Noi siamo un gruppo di lavoro, siamo un gruppo di alcolisti che si riuniscono con regolarità, al fine di mantenere la loro sobrietà e di accrescerla, e con lo scopo primario di aiutare altri alcolisti a raggiungere la loro sobrietà. Noi ci riuniamo qui secondo quanto scritto nella quarta tradizione nel 1946, ovvero:
“Due o tre alcolisti qualsiasi che si riuniscano per raggiungere la sobrietà possono chiamarsi un gruppo A.A., purché come gruppo non abbiano nessun'altra affiliazione”.

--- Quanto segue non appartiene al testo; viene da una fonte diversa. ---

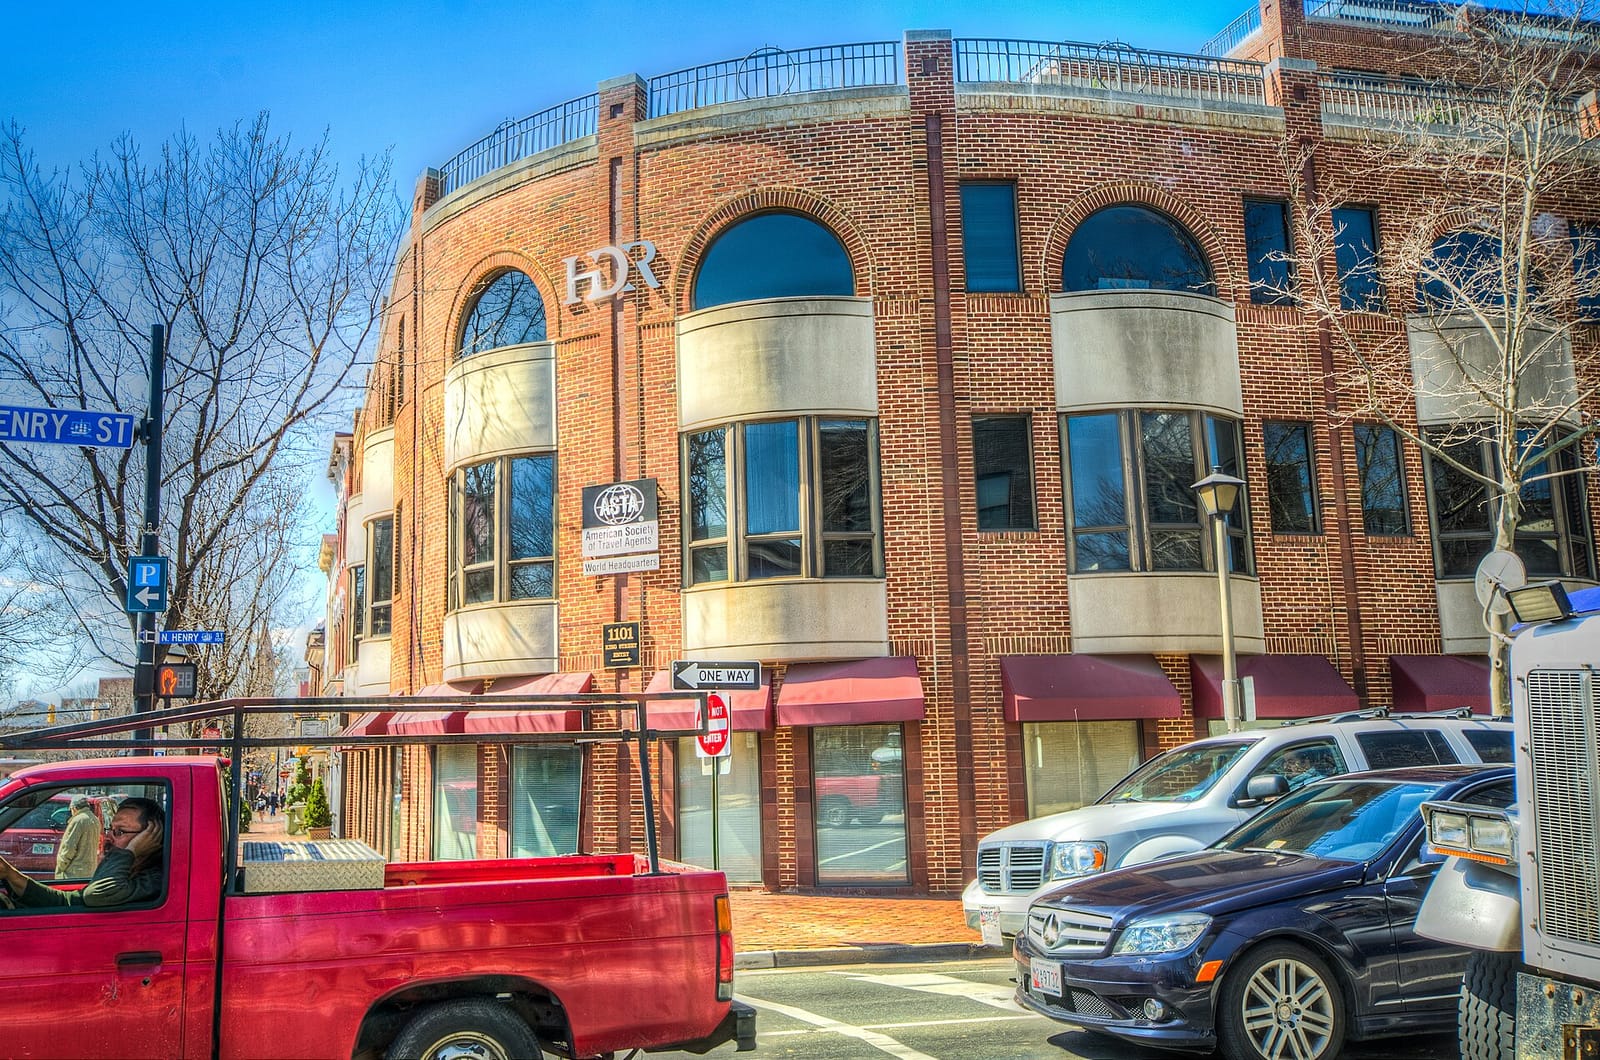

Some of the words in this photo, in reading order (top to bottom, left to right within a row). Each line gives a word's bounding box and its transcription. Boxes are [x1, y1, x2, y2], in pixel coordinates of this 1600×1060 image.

[561, 240, 661, 304] HDR
[96, 416, 130, 444] ST
[599, 493, 640, 517] ASTA
[585, 528, 623, 541] American
[624, 524, 655, 537] Society
[588, 542, 596, 551] of
[598, 538, 623, 550] Travel
[624, 535, 653, 548] Agents
[584, 561, 607, 573] World
[608, 557, 658, 571] Headquarters
[139, 564, 157, 585] P
[161, 633, 170, 642] N.
[171, 633, 199, 642] HENRY
[608, 627, 634, 641] 1101
[699, 670, 722, 682] ONE
[726, 670, 751, 682] WAY
[711, 706, 723, 717] NOT

L'enunciato di questa tradizione, verte esattamente in questo modo: « Quarta Tradizione - Ogni gruppo dovrebbe essere autonomo, tranne che per le questioni riguardanti altri gruppi oppure A,A. nel suo insieme. »

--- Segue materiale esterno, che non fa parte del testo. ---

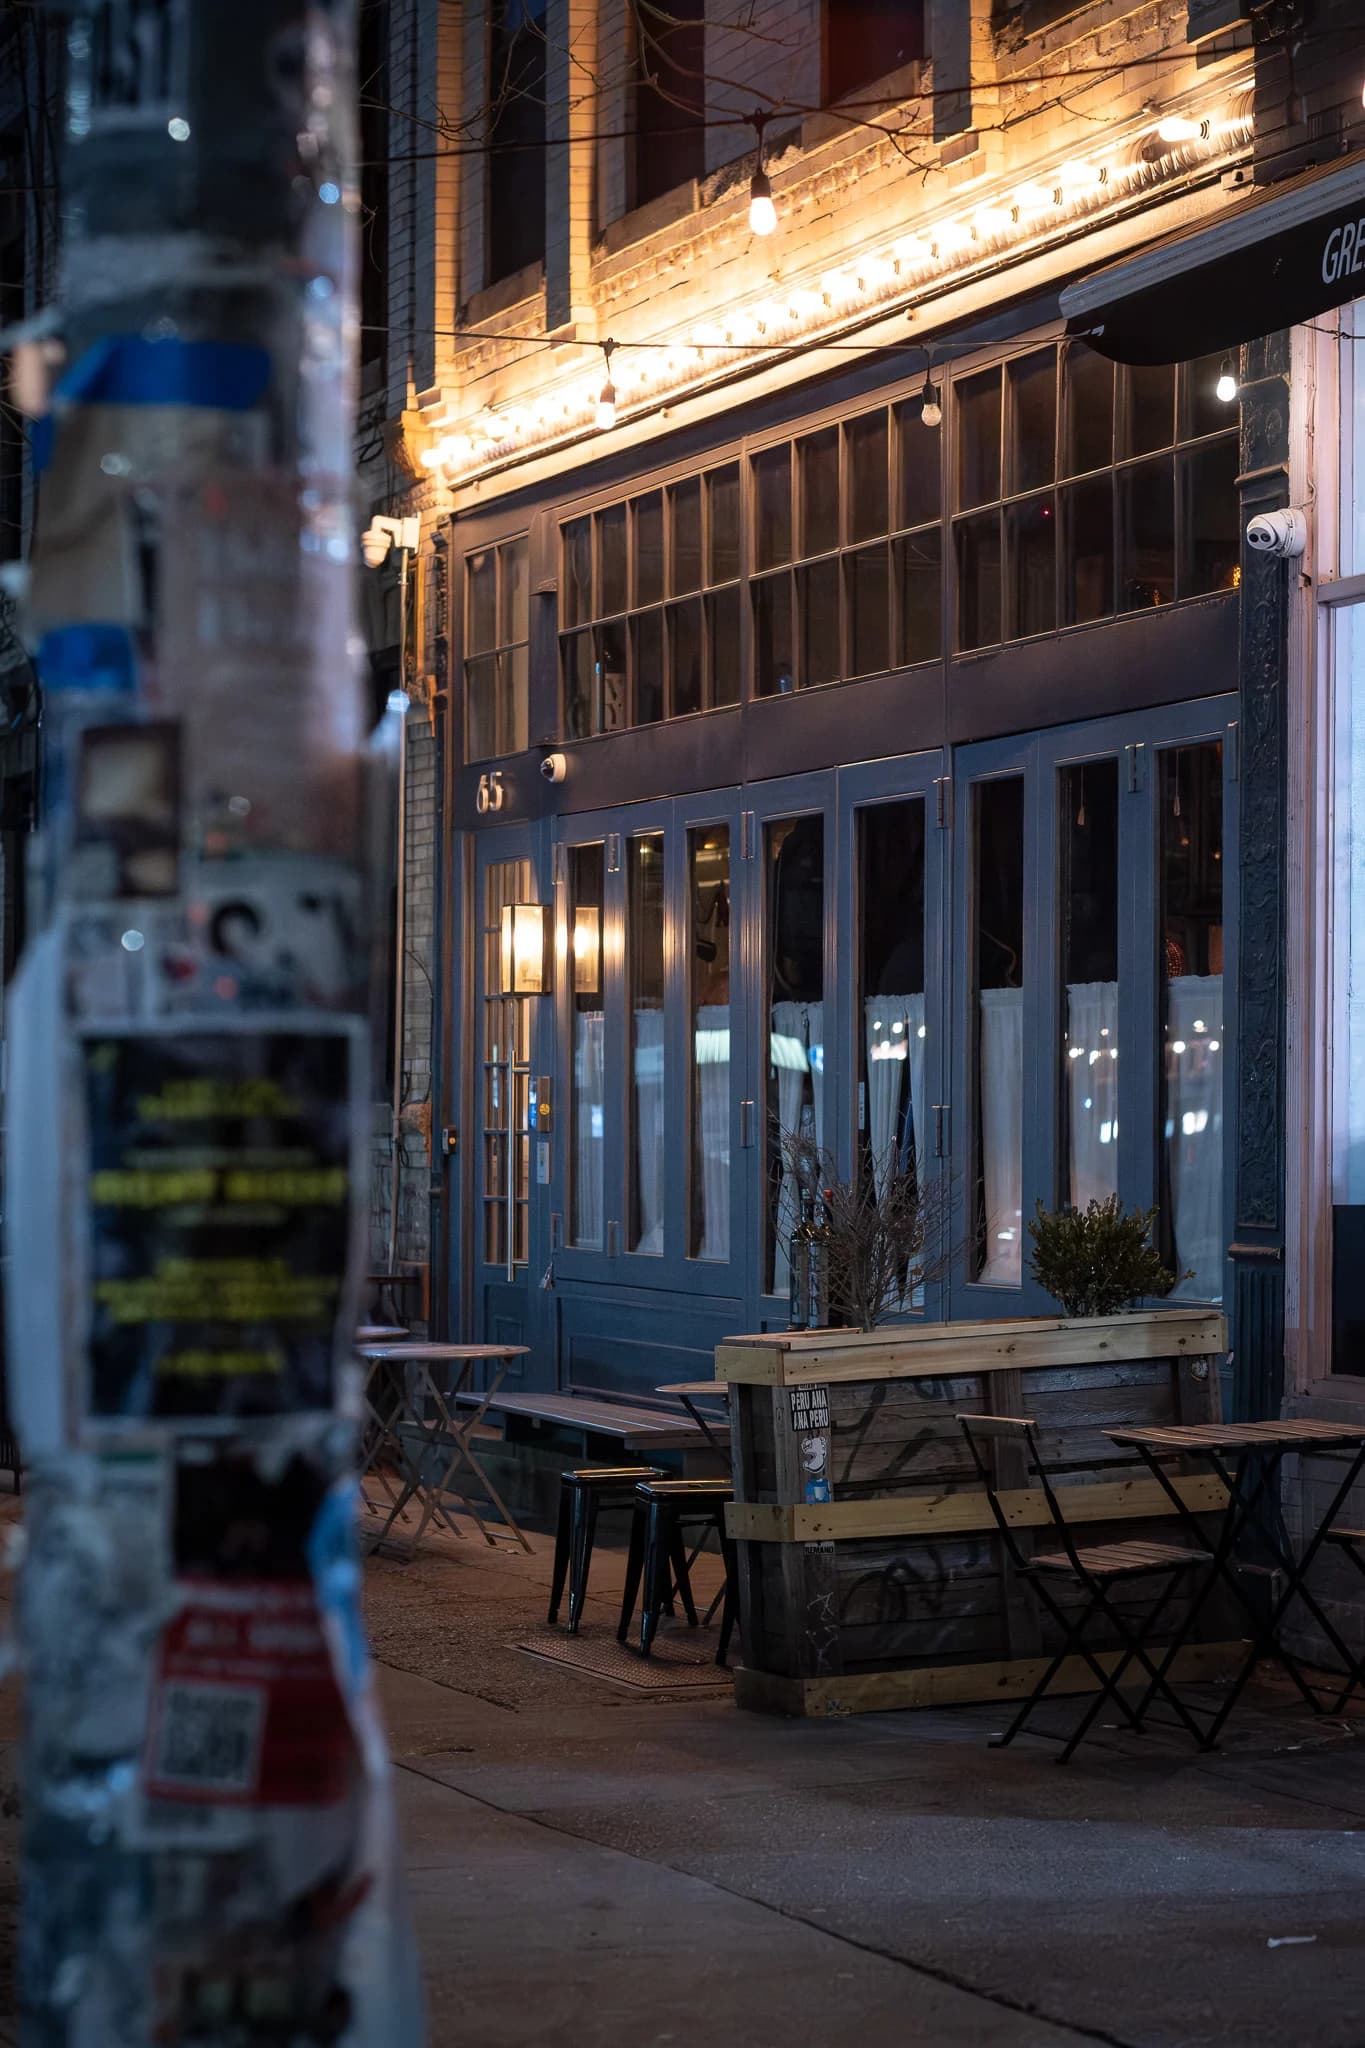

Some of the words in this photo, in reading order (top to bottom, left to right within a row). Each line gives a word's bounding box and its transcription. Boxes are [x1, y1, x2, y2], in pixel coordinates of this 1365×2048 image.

[1322, 217, 1365, 284] GRE
[477, 771, 504, 814] 65
[790, 1391, 810, 1411] PERU
[811, 1389, 828, 1409] ANA
[809, 1408, 829, 1428] PERU

Pertanto, se ti senti finalmente accolto, se avverti la nostra stessa liberatoria sensazione di “essere finalmente giunto a casa”, benvenuto.
Con noi potrai cercare di risolvere quel comune problema che per troppo tempo ha inficiato la nostra esistenza, e lo potrai fare mettendo in pratica il programma che Alcolisti Anonimi ci permette oggi di conoscere e ci suggerisce di adoperare.
In ultimo, ci permettiamo di ricordarti una frase di accoglienza che in Alcolisti Anonimi sentirai sovente: “Se vuoi smettere di bere, benvenuto, il problema è anche nostro; se vuoi continuare a bere… il problema è solo tuo”.
Nella speranza di averti fra noi, ti auguriamo: “Serene ventiquattro ore!”.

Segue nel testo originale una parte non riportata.